TRANSITIONS IN THE EARLY YEARS
To lessen anxieties around transitions
- Creating a book with pictures of the school staff and activity areas to share with the child and parents.
- Helping the child to understand routine by building in objects of reference that travel from one activity to another - e.g. you might give the child a plastic spoon to hold on the way to lunch, a chime bar when it's time for music. It’s useful to give the child somewhere to place the object on arrival.
- Providing visual cues to help child navigate their way around the classroom and understand specific areas and routines. For example, use a specific coloured plastic table cloth for snack time and another for painting.
- Providing clear signals to mark different points in their routine - beginning or end of an activity/task might involve a song which begins the activity each time and a countdown to finish. Visual supports also help a child to recognise and follow routines. For example you may use a sand timer or buzzer to help mark the end of an activity; sign ‘finish’ or show a symbol.

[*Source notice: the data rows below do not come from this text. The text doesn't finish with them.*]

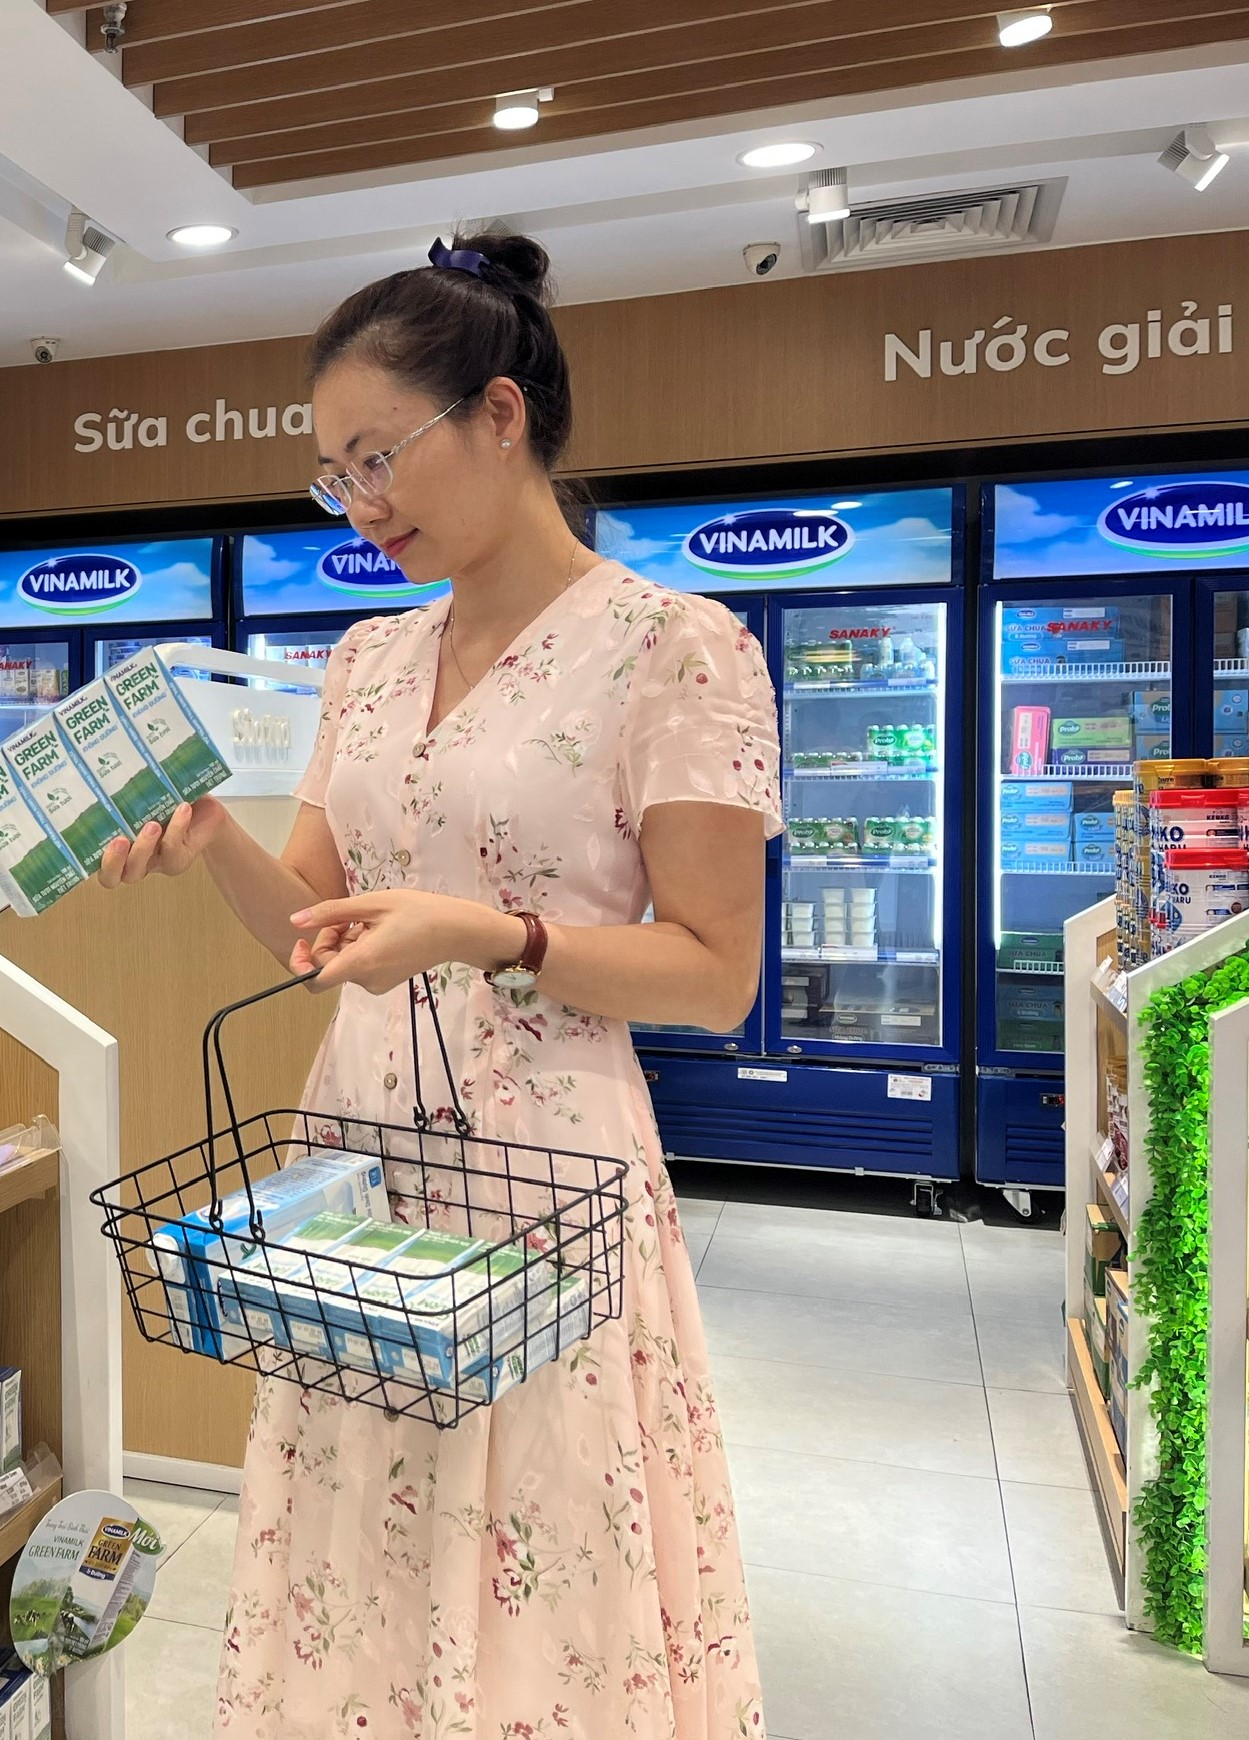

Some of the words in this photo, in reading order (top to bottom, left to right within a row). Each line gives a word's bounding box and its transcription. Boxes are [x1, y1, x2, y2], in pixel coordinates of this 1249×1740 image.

[885, 316, 1069, 381] Nước
[1099, 301, 1233, 374] giải
[74, 407, 167, 452] Sữa
[186, 399, 313, 443] chua
[699, 525, 839, 555] VINAMILK
[30, 569, 130, 593] VINAMILK
[829, 628, 891, 639] SANAKY
[1046, 621, 1113, 633] SANAKY
[116, 662, 159, 696] GREEN
[59, 696, 88, 716] VINAMILK
[123, 680, 160, 710] FARM
[66, 695, 109, 730] GREEN
[7, 731, 38, 753] VINAMILK
[73, 713, 110, 745] FARM
[14, 730, 58, 767] GREEN
[22, 749, 60, 782] FARM
[54, 1536, 84, 1546] VINAMILK
[98, 1540, 122, 1550] GREEN
[128, 1528, 159, 1550] Mới
[88, 1546, 121, 1565] FARM

- Limiting choices - too many and the child may be unable to make any choice.
- Considering possible sensory processing difficulties when transitioning.
- Some may find it hard to cope with loud noise. Try entering an area before the noise builds up. Gradually increase time, with a calm and quiet activity afterwards.
- Some may have difficulty coping with smell of e.g. cooking, or in activities involving messy hands. Again, gradually introducing and increasing time on these activities can help build confidence.